Analytical-grade PAHs (naphthalene and phenanthrene) were purchased from Supelco

(Bellefonte, PA, USA) or Ultra-Scientific (North Kingston, RI, USA). The stock standard
solutions were prepared in acetone at concentrations of 2.0 mg/ml for each compound
and stored at - 4°C. Working solutions were prepared by diluting the stock solutions with
acetone.

Polychlorinated biphenyls (PCB-1242 and PCB-1248) were purchased as individual
standard stock solutions containing a nominal concentration of 100 µg/ml in methanol
from Ultra-Scientific.

Atrazine (purity 98%) and simazine (purity 99%) were purchased from Supelco. Stock
solutions (1000 µg/ml) were prepared by dissolving the solid standards in acetone and
stored under refrigeration. Working solutions were obtained by diluting with acetone.
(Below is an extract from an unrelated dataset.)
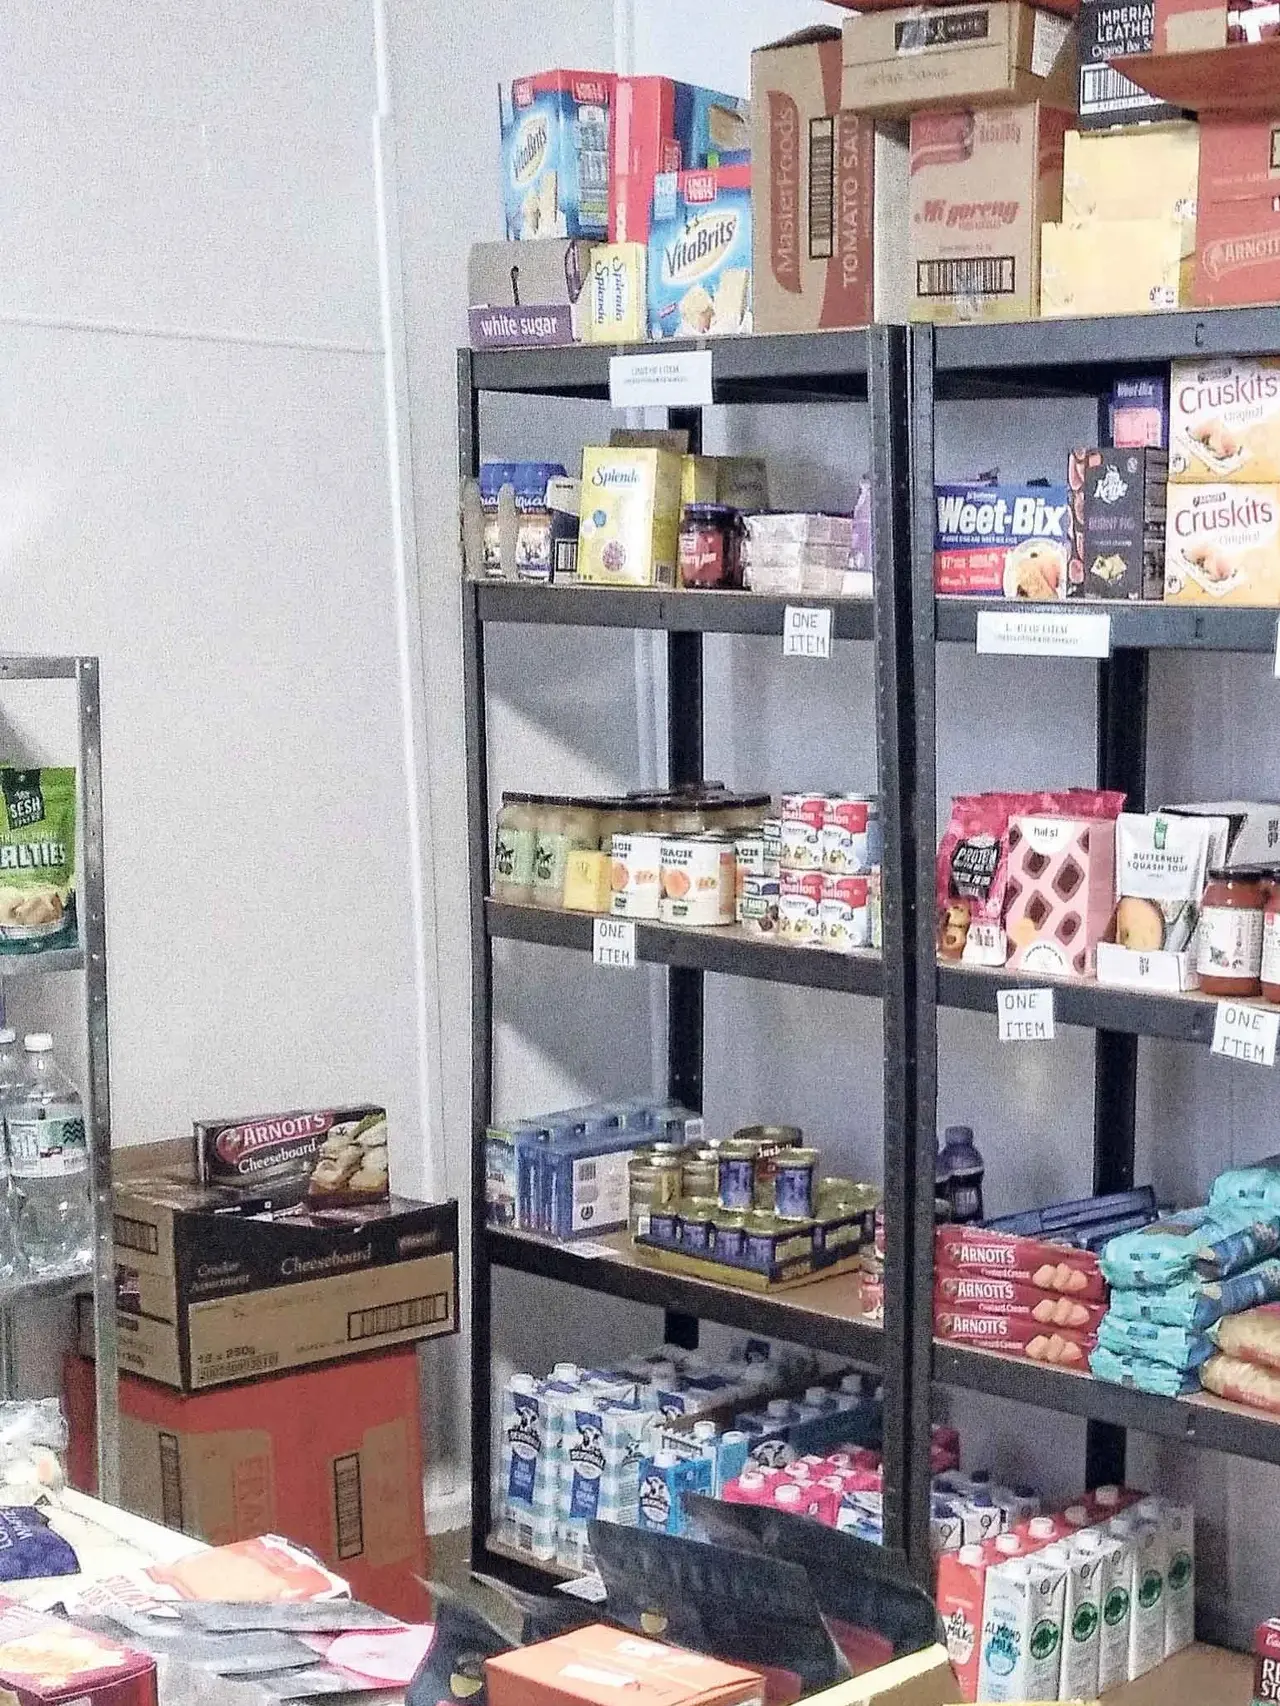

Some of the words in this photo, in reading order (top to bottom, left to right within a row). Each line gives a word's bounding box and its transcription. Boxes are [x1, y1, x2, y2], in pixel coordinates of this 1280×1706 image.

The carbamates: propoxur (purity 99%), methiocarb (purity 99%), propham (purity
99.5%), thiuram (purity 98%) and chlorpropham (purity 99.5%) were supplied by
ChemService (West Chester, PA, USA). The stock solutions containing each compound
at 1000 µg /ml were prepared in methanol and diluted with the same solvent to obtain
working solutions at various concentrations. They were stored at 4°C.


45
All solvents used in this study were either pesticide-grade or HPLC-grade and obtained
from Fischer Scientific (Fair Lawn, NJ, USA). The water used (thereafter referred to as
ultrapure water) was purified using a Milli-Q (Millipore, Bedford, MA, USA) water
purification system. All the samples (solutions and extracts) were filtered through 0.45-m
membranes (Millipore) and degassed in an ultrasonic bath before use.

2.3 PROCEDURES

2.3.1 Preparation of Water Samples


Natural water samples were collected from local sites. They were filtered through a 0.45-
µm membrane (Millipore) to remove particulate matter before use.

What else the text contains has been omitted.